Instructions for the task: Output all of the records again, exactly as written.

Saved entries
• • • •
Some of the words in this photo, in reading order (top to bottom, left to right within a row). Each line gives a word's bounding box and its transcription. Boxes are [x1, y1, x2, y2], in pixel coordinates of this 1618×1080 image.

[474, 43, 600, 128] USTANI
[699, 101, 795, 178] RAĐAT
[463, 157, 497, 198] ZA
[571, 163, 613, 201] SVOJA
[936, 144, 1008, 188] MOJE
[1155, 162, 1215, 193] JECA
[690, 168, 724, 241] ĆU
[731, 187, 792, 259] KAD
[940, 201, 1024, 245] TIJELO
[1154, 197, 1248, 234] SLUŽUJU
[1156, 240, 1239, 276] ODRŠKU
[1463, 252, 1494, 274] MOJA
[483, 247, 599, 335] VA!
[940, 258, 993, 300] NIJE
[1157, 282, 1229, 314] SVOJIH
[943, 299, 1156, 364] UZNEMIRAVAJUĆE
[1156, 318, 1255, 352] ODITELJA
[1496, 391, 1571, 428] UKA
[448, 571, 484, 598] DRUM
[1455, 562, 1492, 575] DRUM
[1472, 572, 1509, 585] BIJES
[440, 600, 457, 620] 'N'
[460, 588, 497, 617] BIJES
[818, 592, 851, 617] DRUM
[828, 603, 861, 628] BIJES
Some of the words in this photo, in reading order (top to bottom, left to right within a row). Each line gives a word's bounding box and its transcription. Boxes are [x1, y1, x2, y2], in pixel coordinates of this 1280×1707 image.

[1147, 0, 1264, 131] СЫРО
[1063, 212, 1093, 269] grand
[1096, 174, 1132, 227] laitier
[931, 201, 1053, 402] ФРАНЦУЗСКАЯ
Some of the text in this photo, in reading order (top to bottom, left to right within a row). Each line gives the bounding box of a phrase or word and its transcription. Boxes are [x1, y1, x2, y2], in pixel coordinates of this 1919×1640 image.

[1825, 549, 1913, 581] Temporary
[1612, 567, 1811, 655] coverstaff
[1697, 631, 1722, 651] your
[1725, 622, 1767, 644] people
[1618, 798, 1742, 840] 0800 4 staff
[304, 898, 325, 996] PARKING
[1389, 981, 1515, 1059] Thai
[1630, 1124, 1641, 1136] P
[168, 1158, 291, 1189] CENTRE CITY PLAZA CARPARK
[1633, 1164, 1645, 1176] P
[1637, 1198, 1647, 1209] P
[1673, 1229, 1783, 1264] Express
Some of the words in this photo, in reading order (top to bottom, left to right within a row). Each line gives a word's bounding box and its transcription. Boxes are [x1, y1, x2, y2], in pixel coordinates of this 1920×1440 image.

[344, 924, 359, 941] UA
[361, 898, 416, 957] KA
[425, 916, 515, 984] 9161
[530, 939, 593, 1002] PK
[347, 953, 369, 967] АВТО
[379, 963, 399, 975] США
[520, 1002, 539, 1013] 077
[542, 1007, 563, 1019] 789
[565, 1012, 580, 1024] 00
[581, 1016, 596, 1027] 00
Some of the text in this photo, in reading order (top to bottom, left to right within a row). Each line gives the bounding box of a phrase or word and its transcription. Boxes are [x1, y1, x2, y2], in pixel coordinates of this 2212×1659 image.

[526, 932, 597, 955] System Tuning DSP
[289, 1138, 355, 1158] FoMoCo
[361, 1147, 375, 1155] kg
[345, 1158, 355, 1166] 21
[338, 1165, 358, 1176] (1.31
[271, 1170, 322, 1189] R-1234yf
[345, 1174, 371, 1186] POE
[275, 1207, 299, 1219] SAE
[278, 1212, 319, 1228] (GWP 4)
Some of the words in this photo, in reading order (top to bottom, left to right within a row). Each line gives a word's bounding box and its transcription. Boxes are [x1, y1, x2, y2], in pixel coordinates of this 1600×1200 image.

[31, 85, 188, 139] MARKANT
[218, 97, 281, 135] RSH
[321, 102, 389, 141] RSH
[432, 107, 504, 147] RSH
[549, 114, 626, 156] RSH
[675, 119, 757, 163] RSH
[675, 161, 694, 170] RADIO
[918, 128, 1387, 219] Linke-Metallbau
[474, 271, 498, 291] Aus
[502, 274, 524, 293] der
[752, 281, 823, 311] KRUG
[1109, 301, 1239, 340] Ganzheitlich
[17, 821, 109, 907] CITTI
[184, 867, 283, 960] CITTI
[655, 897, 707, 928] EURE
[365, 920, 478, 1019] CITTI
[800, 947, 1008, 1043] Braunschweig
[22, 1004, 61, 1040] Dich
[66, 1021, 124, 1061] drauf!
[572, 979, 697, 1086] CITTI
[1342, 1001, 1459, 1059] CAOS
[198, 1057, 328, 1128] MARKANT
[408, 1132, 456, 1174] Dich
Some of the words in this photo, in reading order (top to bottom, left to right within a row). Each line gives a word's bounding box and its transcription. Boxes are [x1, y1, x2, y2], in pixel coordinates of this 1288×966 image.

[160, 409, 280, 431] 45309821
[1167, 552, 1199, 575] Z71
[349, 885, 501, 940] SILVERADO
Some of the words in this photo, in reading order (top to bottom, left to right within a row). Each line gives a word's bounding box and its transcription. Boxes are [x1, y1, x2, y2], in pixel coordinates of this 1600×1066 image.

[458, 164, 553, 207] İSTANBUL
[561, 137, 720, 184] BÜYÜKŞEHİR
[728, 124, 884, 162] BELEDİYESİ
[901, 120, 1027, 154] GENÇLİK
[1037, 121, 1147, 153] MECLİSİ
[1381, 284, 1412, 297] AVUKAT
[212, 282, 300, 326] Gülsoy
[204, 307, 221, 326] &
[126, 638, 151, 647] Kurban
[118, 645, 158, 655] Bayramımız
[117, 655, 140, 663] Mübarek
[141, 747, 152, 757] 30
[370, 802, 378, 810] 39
• • • •
Response:
Some of the words in this photo, in reading order (top to bottom, left to right within a row). Each line gives a word's bounding box and its transcription. Boxes are [x1, y1, x2, y2], in pixel coordinates of this 1618×1080 image.

[474, 43, 600, 128] USTANI
[699, 101, 795, 178] RAĐAT
[463, 157, 497, 198] ZA
[571, 163, 613, 201] SVOJA
[936, 144, 1008, 188] MOJE
[1155, 162, 1215, 193] JECA
[690, 168, 724, 241] ĆU
[731, 187, 792, 259] KAD
[940, 201, 1024, 245] TIJELO
[1154, 197, 1248, 234] SLUŽUJU
[1156, 240, 1239, 276] ODRŠKU
[1463, 252, 1494, 274] MOJA
[483, 247, 599, 335] VA!
[940, 258, 993, 300] NIJE
[1157, 282, 1229, 314] SVOJIH
[943, 299, 1156, 364] UZNEMIRAVAJUĆE
[1156, 318, 1255, 352] ODITELJA
[1496, 391, 1571, 428] UKA
[448, 571, 484, 598] DRUM
[1455, 562, 1492, 575] DRUM
[1472, 572, 1509, 585] BIJES
[440, 600, 457, 620] 'N'
[460, 588, 497, 617] BIJES
[818, 592, 851, 617] DRUM
[828, 603, 861, 628] BIJES
Some of the words in this photo, in reading order (top to bottom, left to right within a row). Each line gives a word's bounding box and its transcription. Boxes are [x1, y1, x2, y2], in pixel coordinates of this 1280×1707 image.

[1147, 0, 1264, 131] СЫРО
[1063, 212, 1093, 269] grand
[1096, 174, 1132, 227] laitier
[931, 201, 1053, 402] ФРАНЦУЗСКАЯ
Some of the text in this photo, in reading order (top to bottom, left to right within a row). Each line gives the bounding box of a phrase or word and its transcription. Boxes are [x1, y1, x2, y2], in pixel coordinates of this 1919×1640 image.

[1825, 549, 1913, 581] Temporary
[1612, 567, 1811, 655] coverstaff
[1697, 631, 1722, 651] your
[1725, 622, 1767, 644] people
[1618, 798, 1742, 840] 0800 4 staff
[304, 898, 325, 996] PARKING
[1389, 981, 1515, 1059] Thai
[1630, 1124, 1641, 1136] P
[168, 1158, 291, 1189] CENTRE CITY PLAZA CARPARK
[1633, 1164, 1645, 1176] P
[1637, 1198, 1647, 1209] P
[1673, 1229, 1783, 1264] Express
Some of the words in this photo, in reading order (top to bottom, left to right within a row). Each line gives a word's bounding box and its transcription. Boxes are [x1, y1, x2, y2], in pixel coordinates of this 1920×1440 image.

[344, 924, 359, 941] UA
[361, 898, 416, 957] KA
[425, 916, 515, 984] 9161
[530, 939, 593, 1002] PK
[347, 953, 369, 967] АВТО
[379, 963, 399, 975] США
[520, 1002, 539, 1013] 077
[542, 1007, 563, 1019] 789
[565, 1012, 580, 1024] 00
[581, 1016, 596, 1027] 00
Some of the text in this photo, in reading order (top to bottom, left to right within a row). Each line gives the bounding box of a phrase or word and its transcription. Boxes are [x1, y1, x2, y2], in pixel coordinates of this 2212×1659 image.

[526, 932, 597, 955] System Tuning DSP
[289, 1138, 355, 1158] FoMoCo
[361, 1147, 375, 1155] kg
[345, 1158, 355, 1166] 21
[338, 1165, 358, 1176] (1.31
[271, 1170, 322, 1189] R-1234yf
[345, 1174, 371, 1186] POE
[275, 1207, 299, 1219] SAE
[278, 1212, 319, 1228] (GWP 4)
Some of the words in this photo, in reading order (top to bottom, left to right within a row). Each line gives a word's bounding box and its transcription. Boxes are [x1, y1, x2, y2], in pixel coordinates of this 1600×1200 image.

[31, 85, 188, 139] MARKANT
[218, 97, 281, 135] RSH
[321, 102, 389, 141] RSH
[432, 107, 504, 147] RSH
[549, 114, 626, 156] RSH
[675, 119, 757, 163] RSH
[675, 161, 694, 170] RADIO
[918, 128, 1387, 219] Linke-Metallbau
[474, 271, 498, 291] Aus
[502, 274, 524, 293] der
[752, 281, 823, 311] KRUG
[1109, 301, 1239, 340] Ganzheitlich
[17, 821, 109, 907] CITTI
[184, 867, 283, 960] CITTI
[655, 897, 707, 928] EURE
[365, 920, 478, 1019] CITTI
[800, 947, 1008, 1043] Braunschweig
[22, 1004, 61, 1040] Dich
[66, 1021, 124, 1061] drauf!
[572, 979, 697, 1086] CITTI
[1342, 1001, 1459, 1059] CAOS
[198, 1057, 328, 1128] MARKANT
[408, 1132, 456, 1174] Dich
Some of the words in this photo, in reading order (top to bottom, left to right within a row). Each line gives a word's bounding box and its transcription. Boxes are [x1, y1, x2, y2], in pixel coordinates of this 1288×966 image.

[160, 409, 280, 431] 45309821
[1167, 552, 1199, 575] Z71
[349, 885, 501, 940] SILVERADO
Some of the words in this photo, in reading order (top to bottom, left to right within a row). Each line gives a word's bounding box and its transcription. Boxes are [x1, y1, x2, y2], in pixel coordinates of this 1600×1066 image.

[458, 164, 553, 207] İSTANBUL
[561, 137, 720, 184] BÜYÜKŞEHİR
[728, 124, 884, 162] BELEDİYESİ
[901, 120, 1027, 154] GENÇLİK
[1037, 121, 1147, 153] MECLİSİ
[1381, 284, 1412, 297] AVUKAT
[212, 282, 300, 326] Gülsoy
[204, 307, 221, 326] &
[126, 638, 151, 647] Kurban
[118, 645, 158, 655] Bayramımız
[117, 655, 140, 663] Mübarek
[141, 747, 152, 757] 30
[370, 802, 378, 810] 39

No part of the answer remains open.